| Assignment |
Your copy should repeat each record below exactly and contain no images.

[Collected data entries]
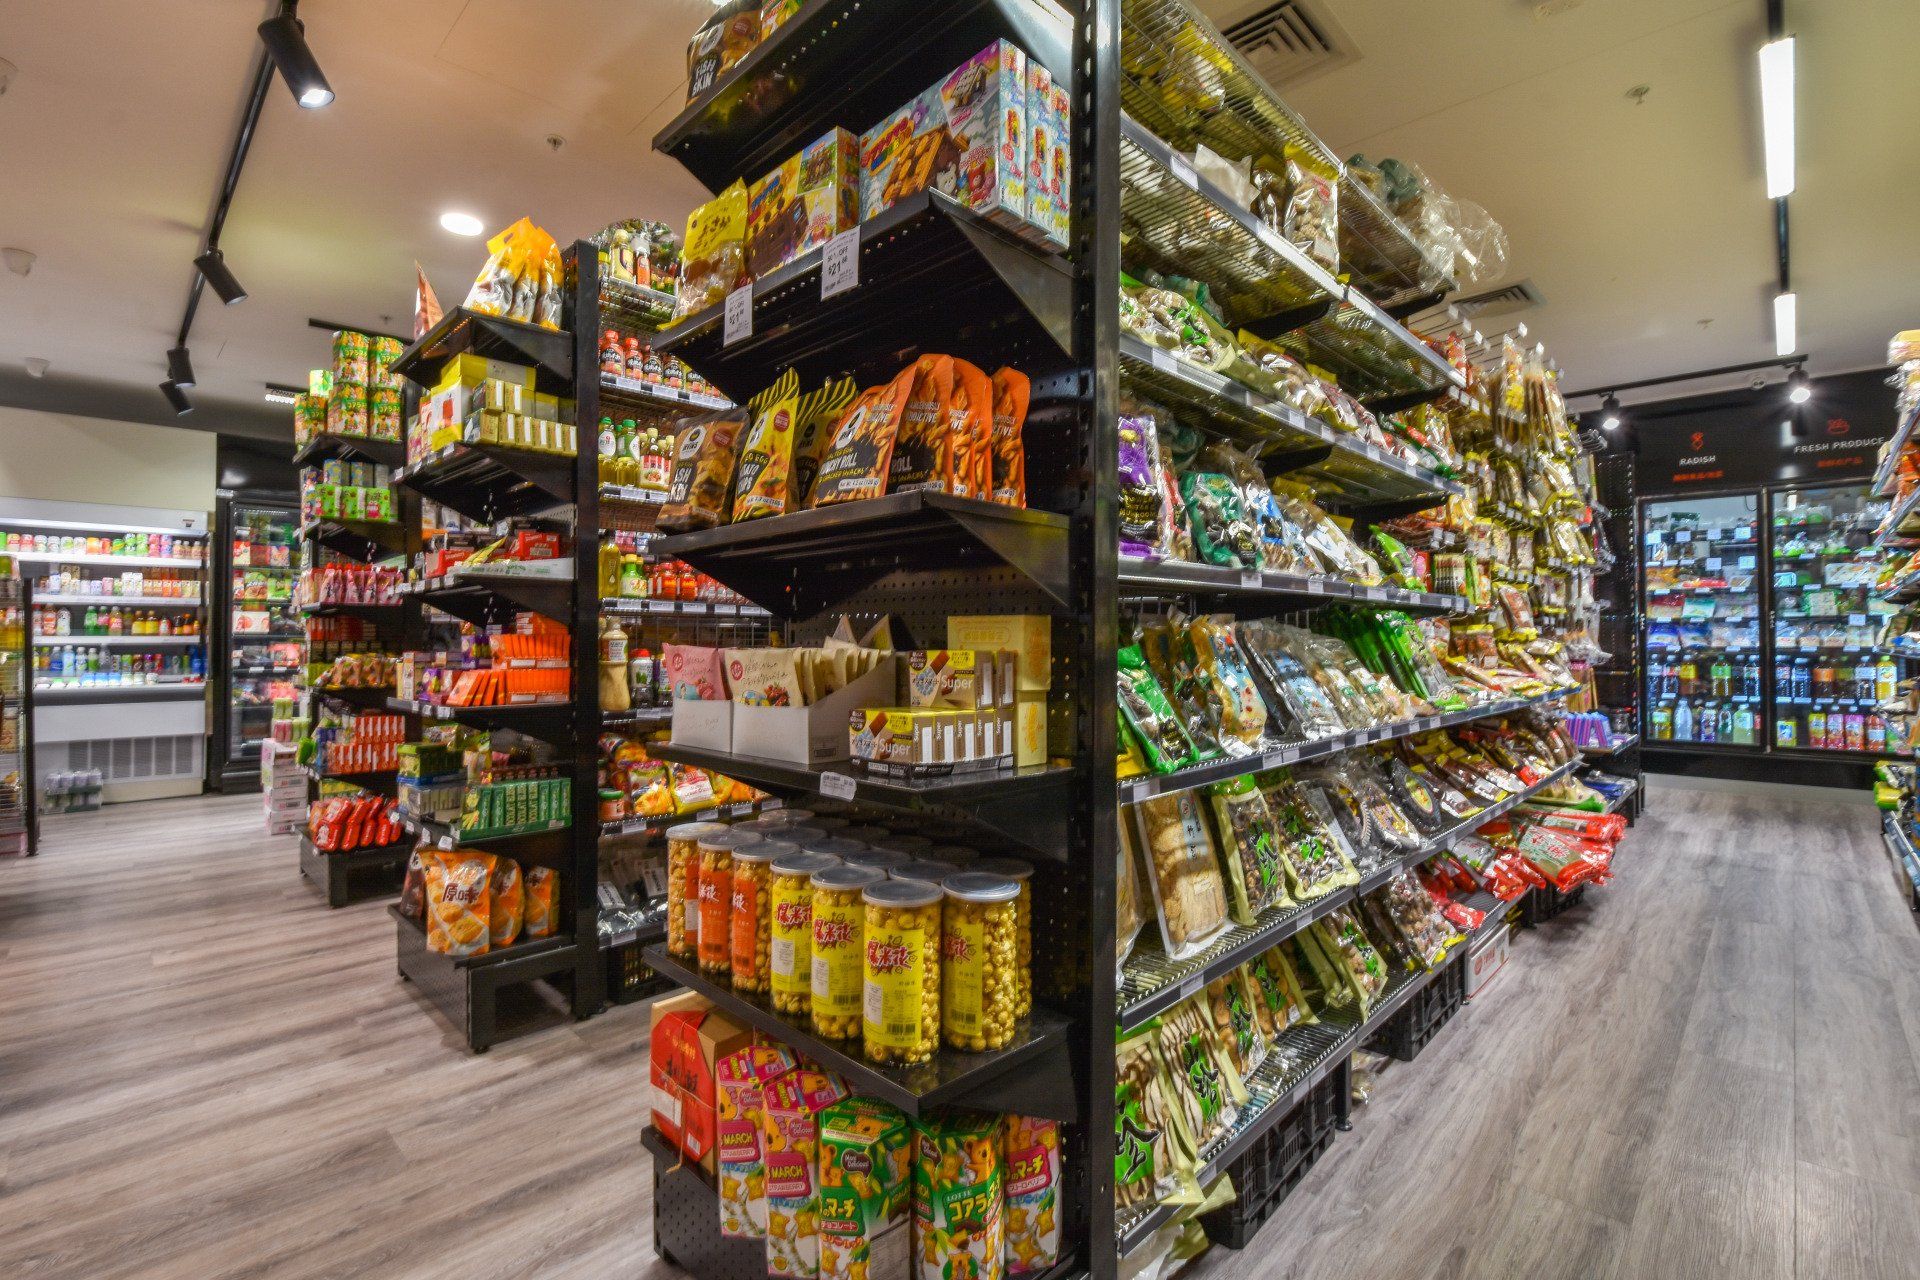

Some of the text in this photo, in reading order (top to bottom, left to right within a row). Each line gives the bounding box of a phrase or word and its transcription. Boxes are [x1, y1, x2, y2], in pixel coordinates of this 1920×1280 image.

[1794, 437, 1885, 454] FRESH PRODUCE
[1679, 455, 1716, 466] RADISH
[941, 674, 973, 692] Super
[878, 738, 911, 757] Super
[443, 883, 480, 903] 原味
[724, 1132, 753, 1146] MARCH
[772, 1165, 803, 1179] MARCH
[947, 1188, 972, 1202] LOTTE
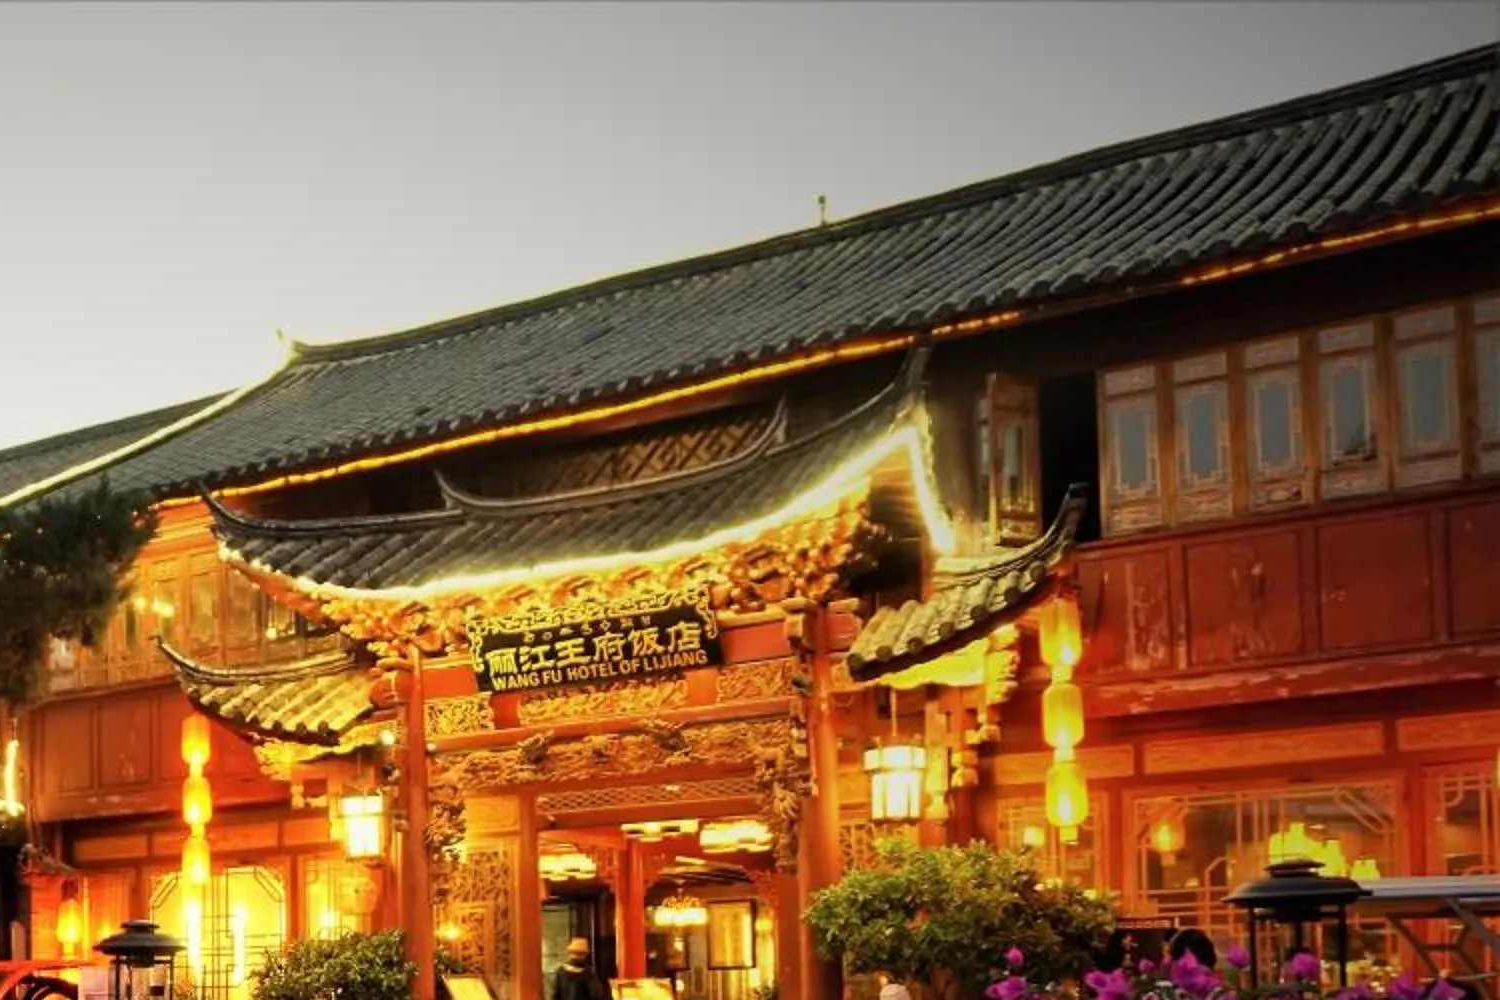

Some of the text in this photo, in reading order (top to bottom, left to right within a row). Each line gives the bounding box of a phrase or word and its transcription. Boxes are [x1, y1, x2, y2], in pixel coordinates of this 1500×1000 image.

[486, 621, 702, 677] 丽江王府饭店
[492, 649, 708, 690] WANG FU HOTEL OF LIJIANG

| Exercise result |
Some of the text in this photo, in reading order (top to bottom, left to right within a row). Each line gives the bounding box of a phrase or word and its transcription. Boxes are [x1, y1, x2, y2], in pixel coordinates of this 1920×1280 image.

[1794, 437, 1885, 454] FRESH PRODUCE
[1679, 455, 1716, 466] RADISH
[941, 674, 973, 692] Super
[878, 738, 911, 757] Super
[443, 883, 480, 903] 原味
[724, 1132, 753, 1146] MARCH
[772, 1165, 803, 1179] MARCH
[947, 1188, 972, 1202] LOTTE

Some of the text in this photo, in reading order (top to bottom, left to right within a row). Each line gives the bounding box of a phrase or word and its transcription. Boxes are [x1, y1, x2, y2], in pixel coordinates of this 1500×1000 image.

[486, 621, 702, 677] 丽江王府饭店
[492, 649, 708, 690] WANG FU HOTEL OF LIJIANG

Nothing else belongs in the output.